Drug Topics®: What’s next for your research in this area?

Hannah: We're working on producing resources that can be shared more broadly with stakeholders and community members, including sharing these results back to the community of people who use drugs, ideally through a forum where we can discuss and get their thoughts on all of this feedback. I'm also working on finalizing 2 additional analyses related to evaluating jail based MOUD treatment in California, that were part of my PhD dissertation projects funded by the National Institutes of justice. The first is a multi-county study that evaluated how offering opioid agonist therapies like methadone and buprenorphine, in county jails influence county-level emergency department visits, deaths, arrests, and convictions. We're also currently working on publishing this work in a peer-reviewed journal so that we can continue sharing it with other folks and kind of permeating what we learned from the great folks that participated in this study.

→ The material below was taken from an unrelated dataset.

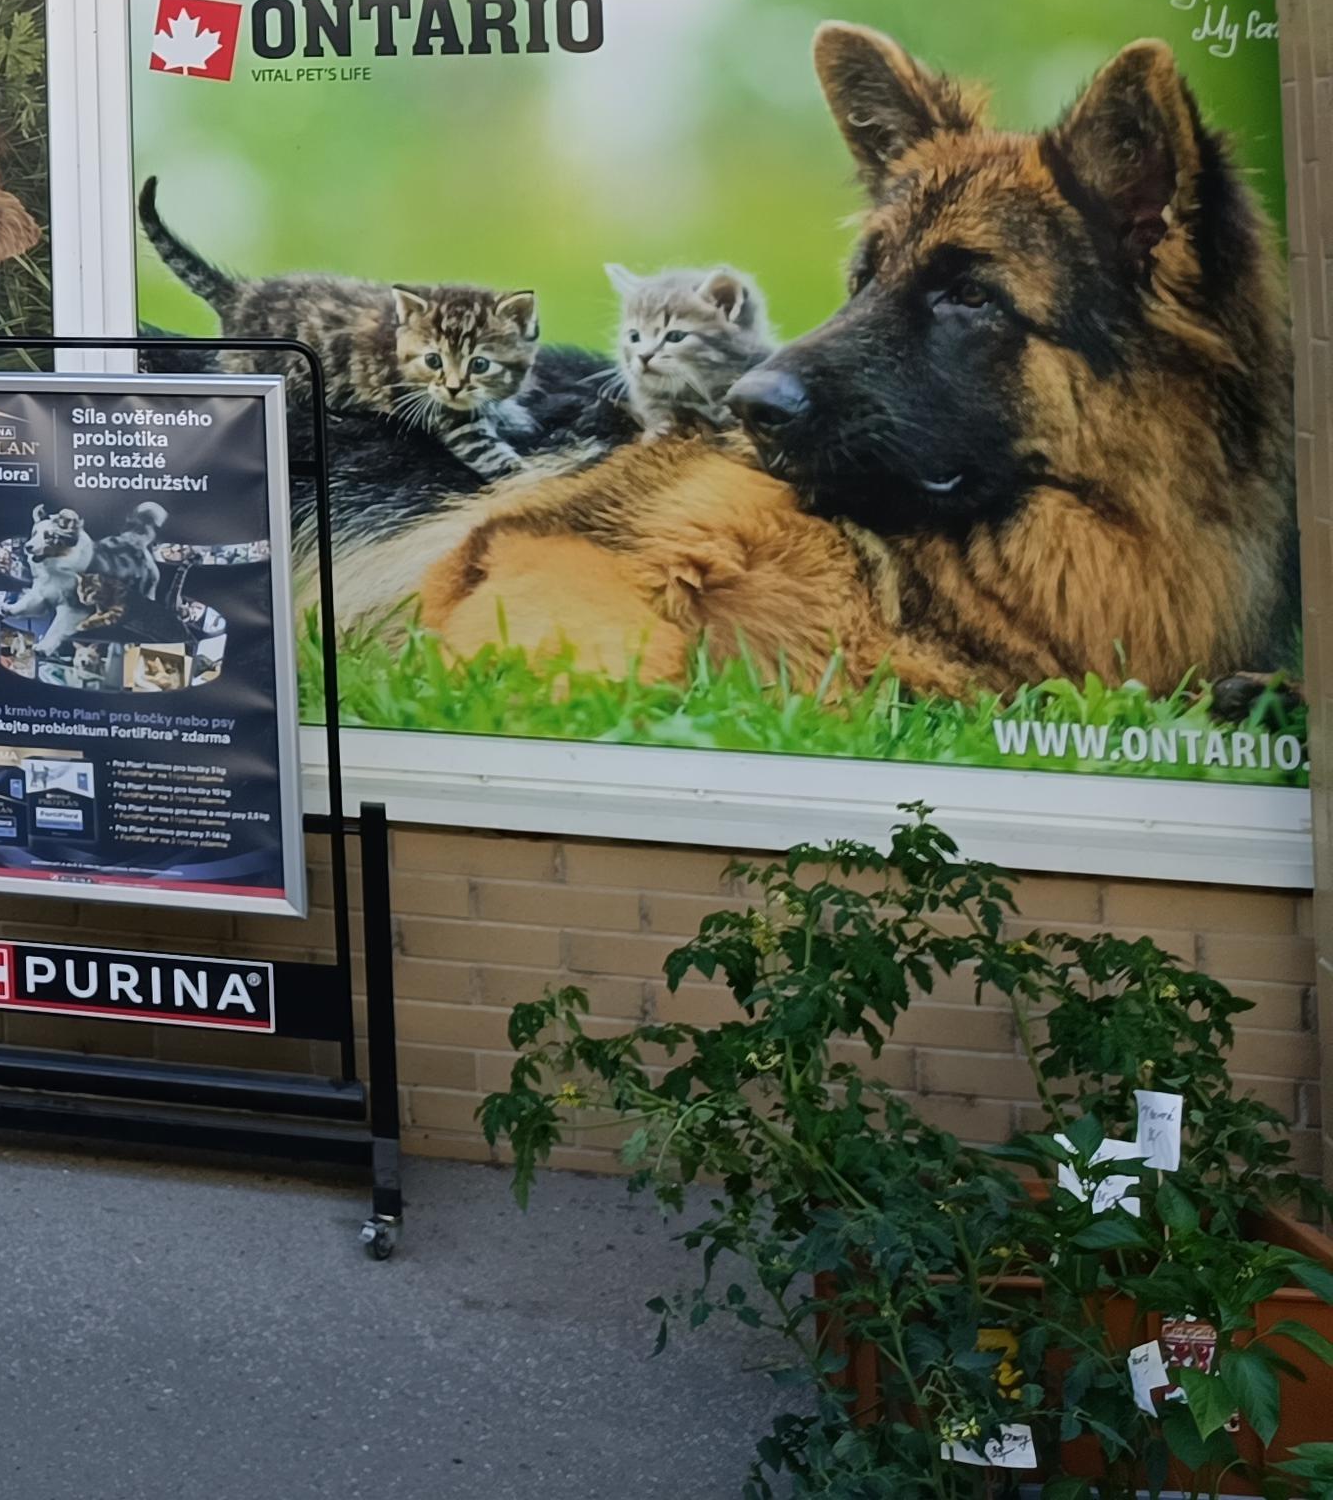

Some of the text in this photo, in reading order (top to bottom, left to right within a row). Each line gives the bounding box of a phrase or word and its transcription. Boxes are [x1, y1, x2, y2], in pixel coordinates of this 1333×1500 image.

Drug Topics®: Any final thoughts?

Hannah: I'd love the opportunity to share a quote from one of our participants. They were talking about the importance of meeting people where they are physically. “So, a lot of people don't go to the doctor. They just don't make it past their 10. They're stuck in a rut. There should be a global bus that reaches out to them, because they don't like to reach out to you guys. We have a hard time with that. But I think there should be more outreach.” I would say that the importance of meeting people where they are physically also translates to meeting them where they are in their substance use disorder, emotionally and mentally, no matter what the starting point might be. Participants throughout our study really talked about how important open, understanding, and nonjudgmental relationships have been for them, and that a lot of them ended up entering treatment as a result of those kinds of kind, nonjudgmental relationships. I would say that a great piece to end on is meet people where they are physically and also emotionally and mentally in their current substance use disorder.